Les débats récents autour du respect de la neutralité de l’État ont convaincu cette intellectuelle classée à gauche de s’engager en faveur de la formation présidée par Georges-Louis Bouchez. C’est par l’entremise de Denis Ducarme, député fédéral en pointe sur les questions relatives à la laïcité, que cette arrivée qui peut sembler étonnante, a pu se réaliser.
La gauche est "angélique", "frileuse"…
"La neutralité de l’État est un garde-fou essentiel pour garantir l’égalité de traitement de chacun, a expliqué à la presse la nouvelle recrue du centre Jean Gol. Cette neutralité, elle ne se morcelle pas, elle est une et indivisible. Ces dernières semaines ont montré que cette exigence de neutralité était soumise à des coups de boutoir. Les partis dits de gauche font preuve d’une regrettable frilosité ou, pire, d’un mélange d’électoralisme et d’angélisme qui leur ont fait renoncer au fondement de la liberté. L’émancipation individuelle et le progrès social ne sont jamais passés par des compromissions vis-à-vis d’un quelconque cléricalisme."
Fort isolés dans leur combat en faveur d’une neutralité totale des services publics, les libéraux ont pu la séduire. "Il faut l’admettre : la résistance à cette offensive (contre la neutralité, NdlR) vient du MR. Je ne vois aucune volonté à gauche de rappeler l’attachement à la laïcité de l’État, qu’elle considère comme discriminante… Cette attitude est incongrue à mes yeux de progressiste, de féministe, de laïque. Les maigres acquis en matière de neutralité sont de plus en plus détricotés au nom d’un vivre ensemble qui promeut en réalité une ghettoïsation de la société sur un modèle anglo-saxon."
Le gouvernement bruxellois dans le viseur
Dans sa réflexion, Nadia Geerts s’était en particulier intéressée à la question du port du voile au regard du respect des valeurs laïques.
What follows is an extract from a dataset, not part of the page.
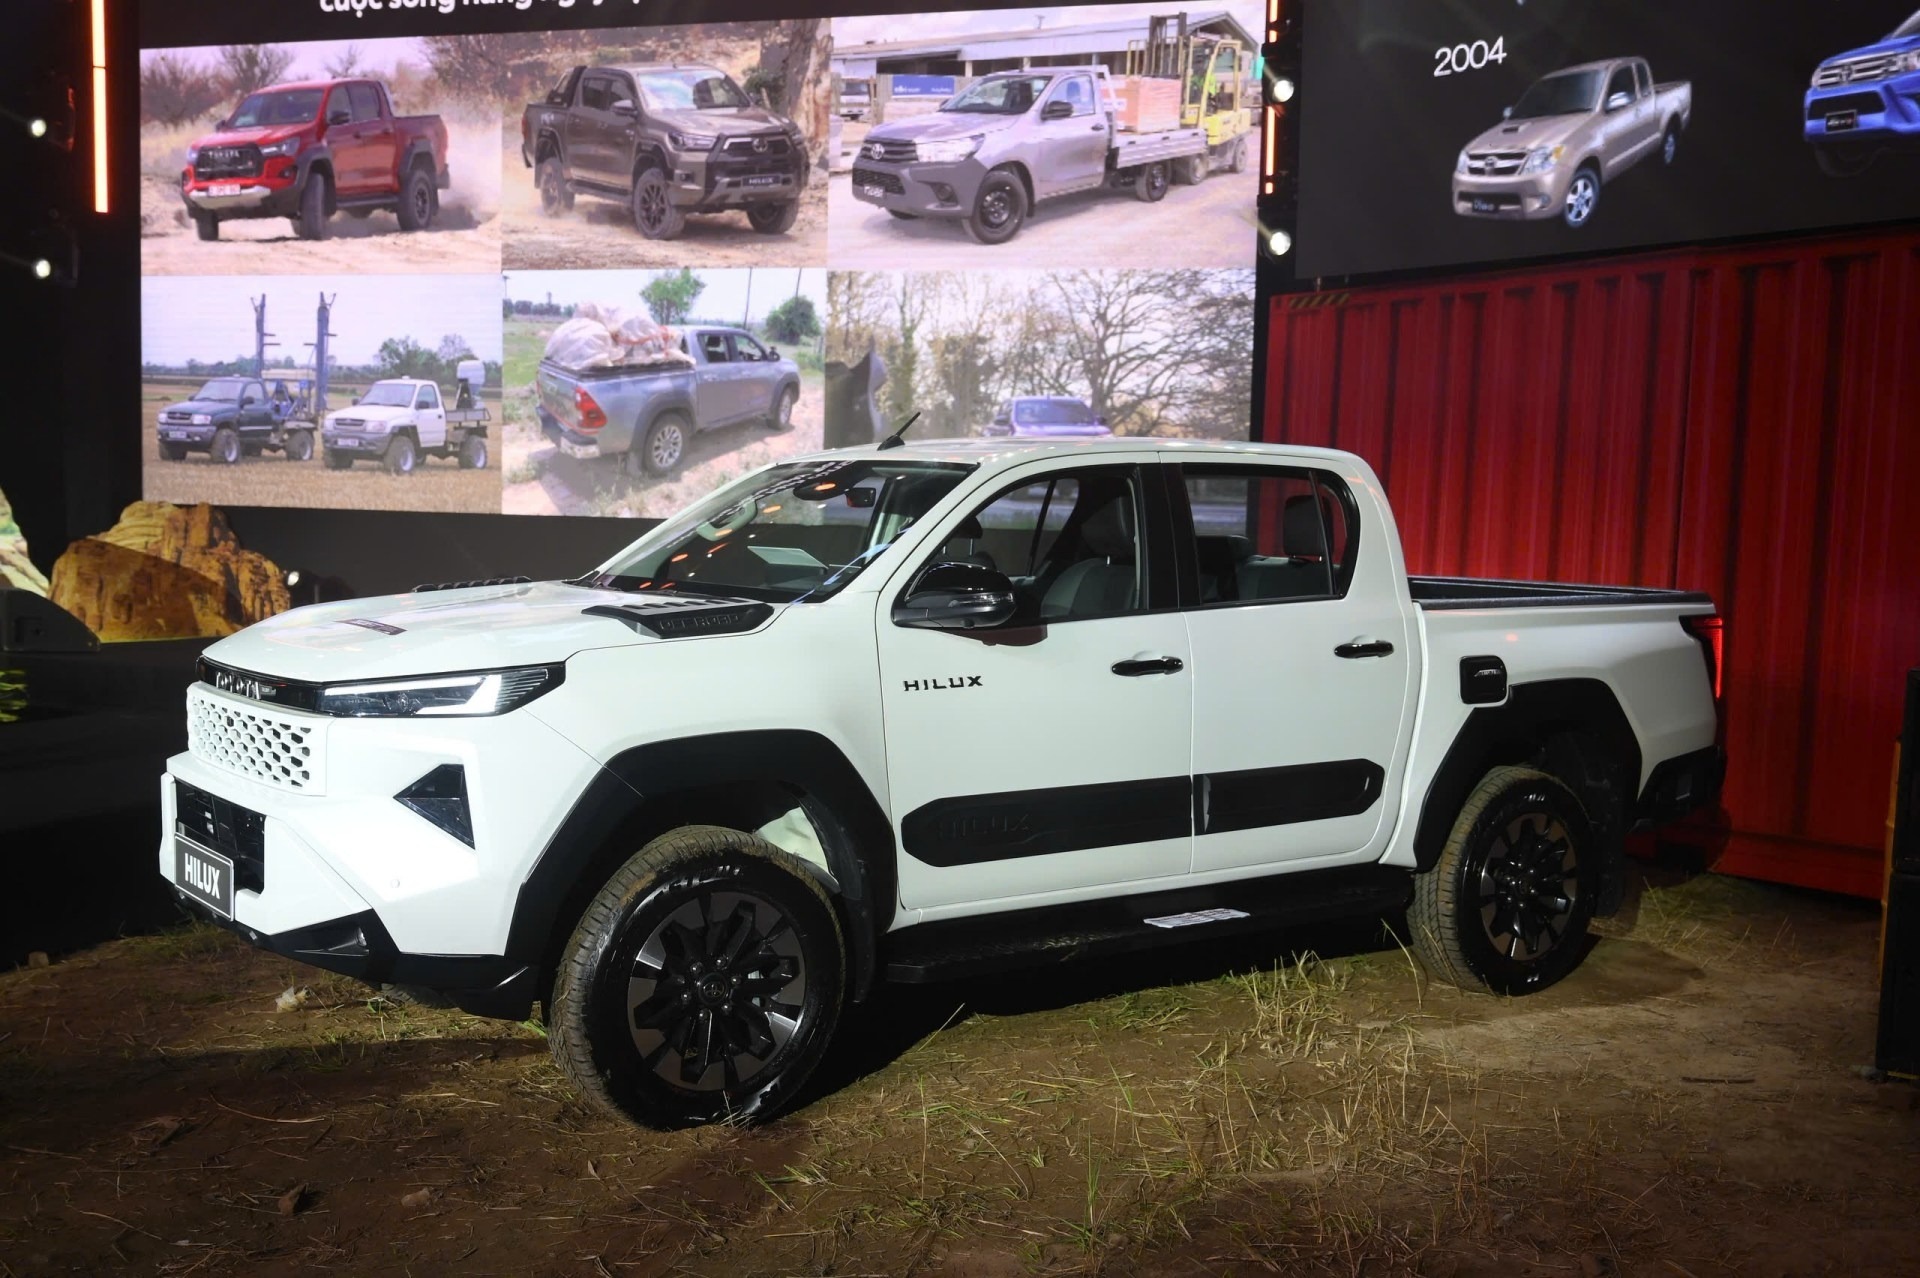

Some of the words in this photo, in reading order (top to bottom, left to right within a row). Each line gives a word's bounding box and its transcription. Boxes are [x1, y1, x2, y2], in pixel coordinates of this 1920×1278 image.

[1434, 35, 1507, 77] 2004
[902, 675, 983, 692] HILUX
[184, 852, 220, 900] HILUX
Son jugement est particulièrement dur à l’égard de l’opposition du gouvernement bruxellois à un appel suite à la condamnation en justice de la Stib. La société bruxelloise de transport est jugée coupable de discrimination en raison du rejet des candidatures à un emploi d’une femme portant le foulard islamique. "L’honneur de la Stib aurait dû être porté haut par des partis démocratiques qui ont préféré se coucher devant une décision de justice complètement insensée."
Au fédéral, la désignation d’Ihsane Haouach, une femme voilée, comme commissaire du gouvernement auprès de l’Institut pour l’égalité des femmes et des hommes l’a également heurtée. "Cette décision est un non-sens et contredit les principes de la gauche. Elle occupe clairement une fonction d’autorité et elle porte un signe convictionnel qui marque une différence dans le code vestimentaire des femmes. Dans ses nouvelles fonctions, sera-t-elle à même, demain, de rester neutre si, par exemple, la question du voile imposé aux petites filles devait être examinée par l’Institut pour l’égalité des femmes et des hommes ?"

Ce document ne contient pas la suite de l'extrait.